Emerging growth company ☒
If an emerging growth company, indicate
by check mark if the registrant has elected not to use the extended transition period for complying with any new or revised financial
accounting standards provided pursuant to Section 13(a) of the Exchange Act. ☐
Item 7.01 Regulation FD Disclosure.
As previously
disclosed, Collective Growth Corporation (“Collective Growth”) entered into a Business Combination Agreement
on December 10, 2020 (“Business Combination Agreement”) with Innoviz Technologies Ltd. (“Innoviz”)
and the other parties thereto. On February 24, 2021, Innoviz management held a live video presentation and question and answer
session in connection with the proposed business combination between Innoviz and Collective Growth.

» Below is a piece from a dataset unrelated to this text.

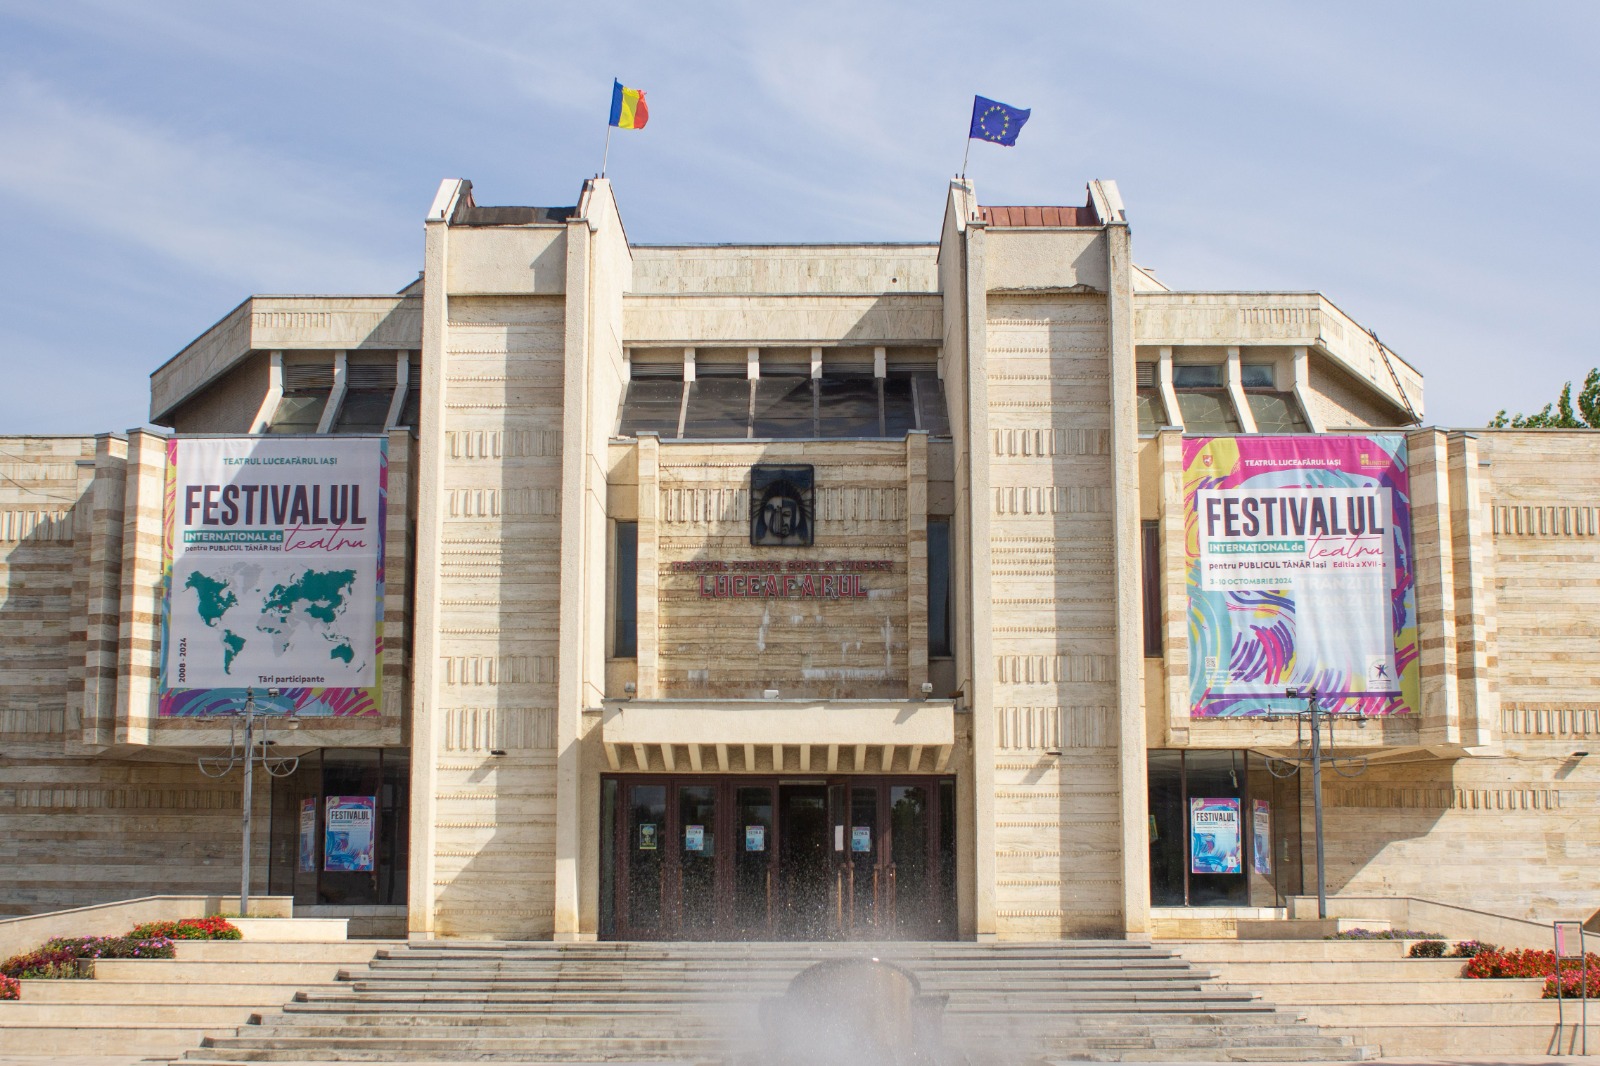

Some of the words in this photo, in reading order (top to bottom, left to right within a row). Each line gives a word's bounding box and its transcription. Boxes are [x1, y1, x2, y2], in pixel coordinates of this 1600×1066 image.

A transcript of the presentation
and question and answer session is included as Exhibit 99.1 to this Current Report on Form 8-K.
The information
set forth under this Item 7.01 is intended to be furnished and shall not be deemed “filed” for purposes of Section 18
of the Securities Exchange Act of 1934, as amended (“Exchange Act”) or otherwise subject to the liabilities
of that section, nor shall it be deemed incorporated by reference in any filing under the Securities Act of 1933, as amended (“Securities
Act”) or the Exchange Act, except as expressly set forth by specific reference in such filing.
Forward Looking
Statements
This Current Report
on Form 8-K and the exhibit hereto contain certain forward-looking statements within the meaning of the federal securities laws
with respect to the proposed transaction between Innoviz Technologies Ltd. (“Innoviz”) and Collective Growth Corporation
(“Collective Growth”). These forward-looking statements generally are identified by the words “believe,”
“project,” “expect,” “anticipate,” “estimate,” “intend,” “strategy,”
“future,” “opportunity,” “plan,” “may,” “should,” “will,”
“would,” “will be,” “will continue,” “will likely result,” and similar expressions.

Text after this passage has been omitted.